Specifically, let RV $X_0 \sim \pi(\cdot)$ for some known density $\pi$, given RV $X_n$ then $X_{n+1} \sim \mathcal{N}(\cdot; X_n, 1)$, where $\mathcal{N}(x;\mu,\sigma)$ is the normal PDF evaluated at point $x$ with mean $\mu$ and variance $\sigma$.

Also we are given function $S : \mathbb{R} \to (0,1)$ where $S(x)$ gives the probability of the chain terminating at point $x$.

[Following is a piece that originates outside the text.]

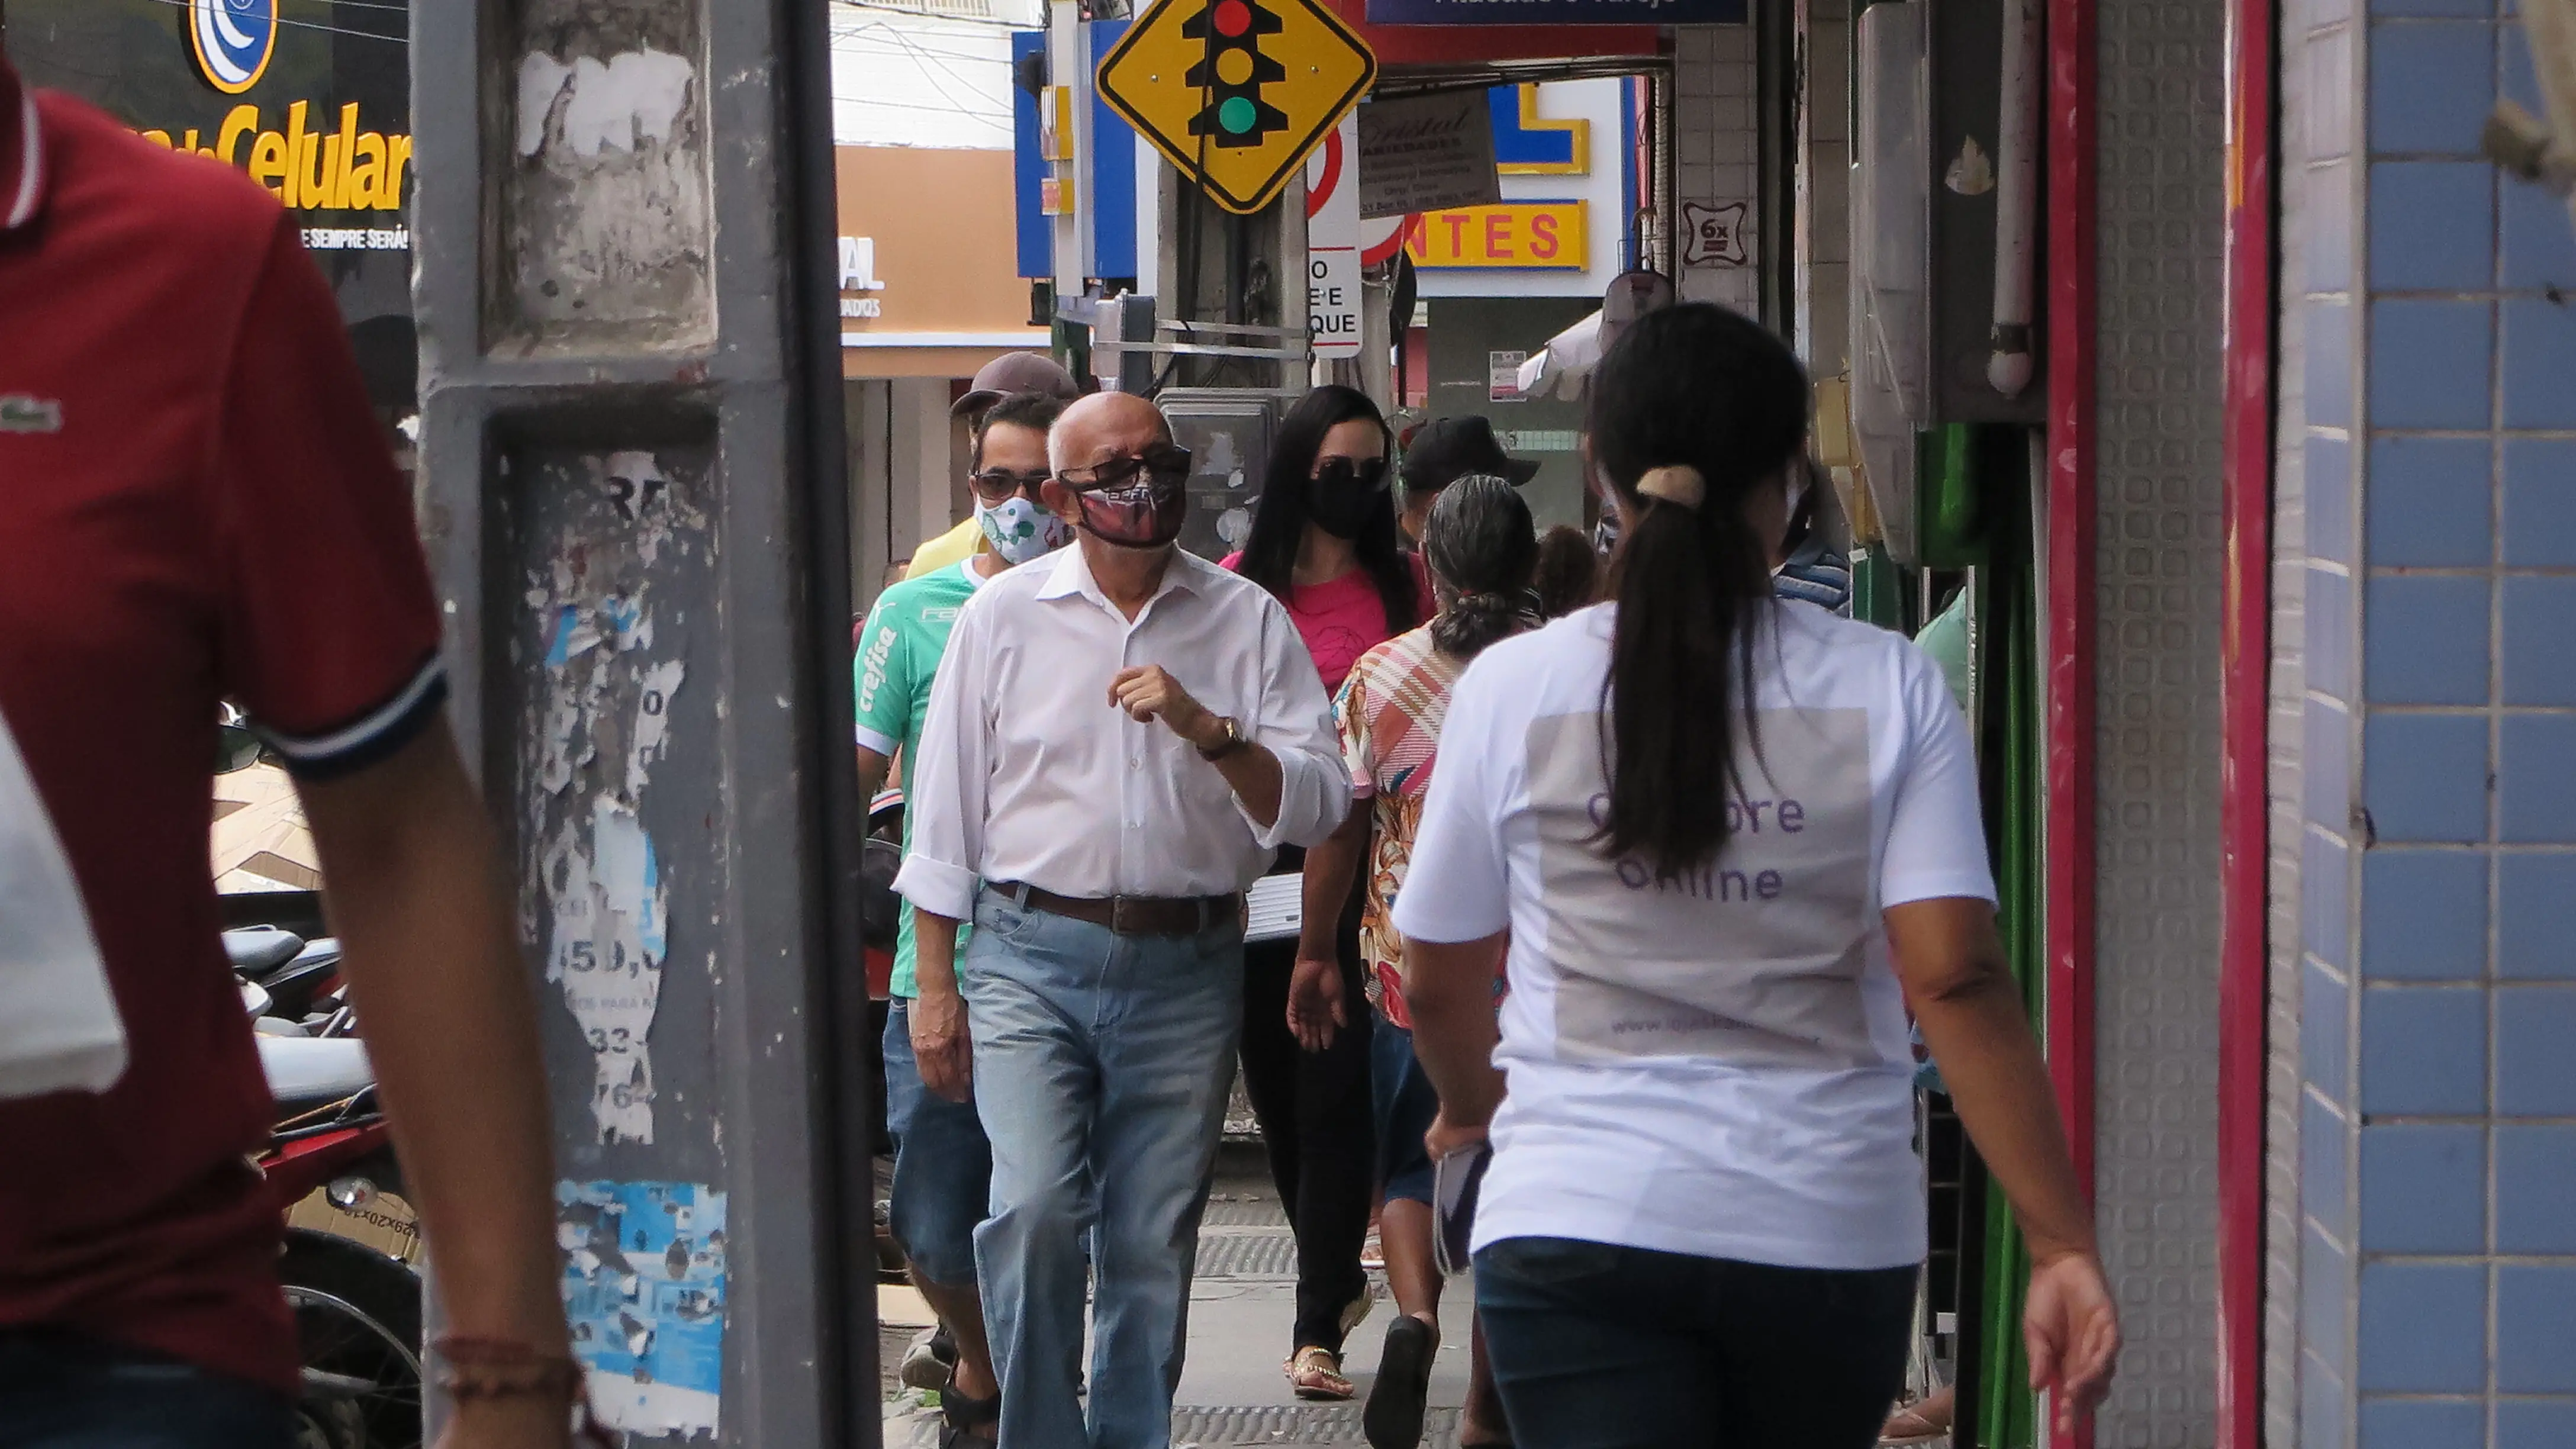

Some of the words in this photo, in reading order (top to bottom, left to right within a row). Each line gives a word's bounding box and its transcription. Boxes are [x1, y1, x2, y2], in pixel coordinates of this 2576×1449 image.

So, given a sequence of points $X_0,...,X_n$ we can write the PDF as $$ p(x_0,...,x_n) = \pi(x_0)\sum_{i=1}^{n-1} \mathcal{N}(x_i; x_{i-1}, 1)(1-S(x_i))\mathcal{N}(x_n; x_{n-1}, 1)S(x_n) $$

Now, we add in one final annoying detail: that after the chain terminates we choose a single point from the sequence uniformly at random.

My question: How can I write the PDF $f(x')$, where the RV $X'$ is the point chosen by this process?

My guess is to define a PMF for the uniform distribution $u(x'|x_0,...,x_n) = \{ 1/(n+1) \ \text{if} \ x \in \{x_0,...,x_n\}; 0 \ \text{otherwise} \}$ giving: $$ f(x') = \sum_{n=0}^\infty \int u(x'|x_0,...,x_n)p(x_0,...,x_n) dx_0...dx_n $$

but $u$ is not defined for infinite sets (even though I assume $S$ will terminate the chain in finite time), and is it even a valid conditional density, being defined over a discrete set like that? I get the sense I am breaking a lot of rules here.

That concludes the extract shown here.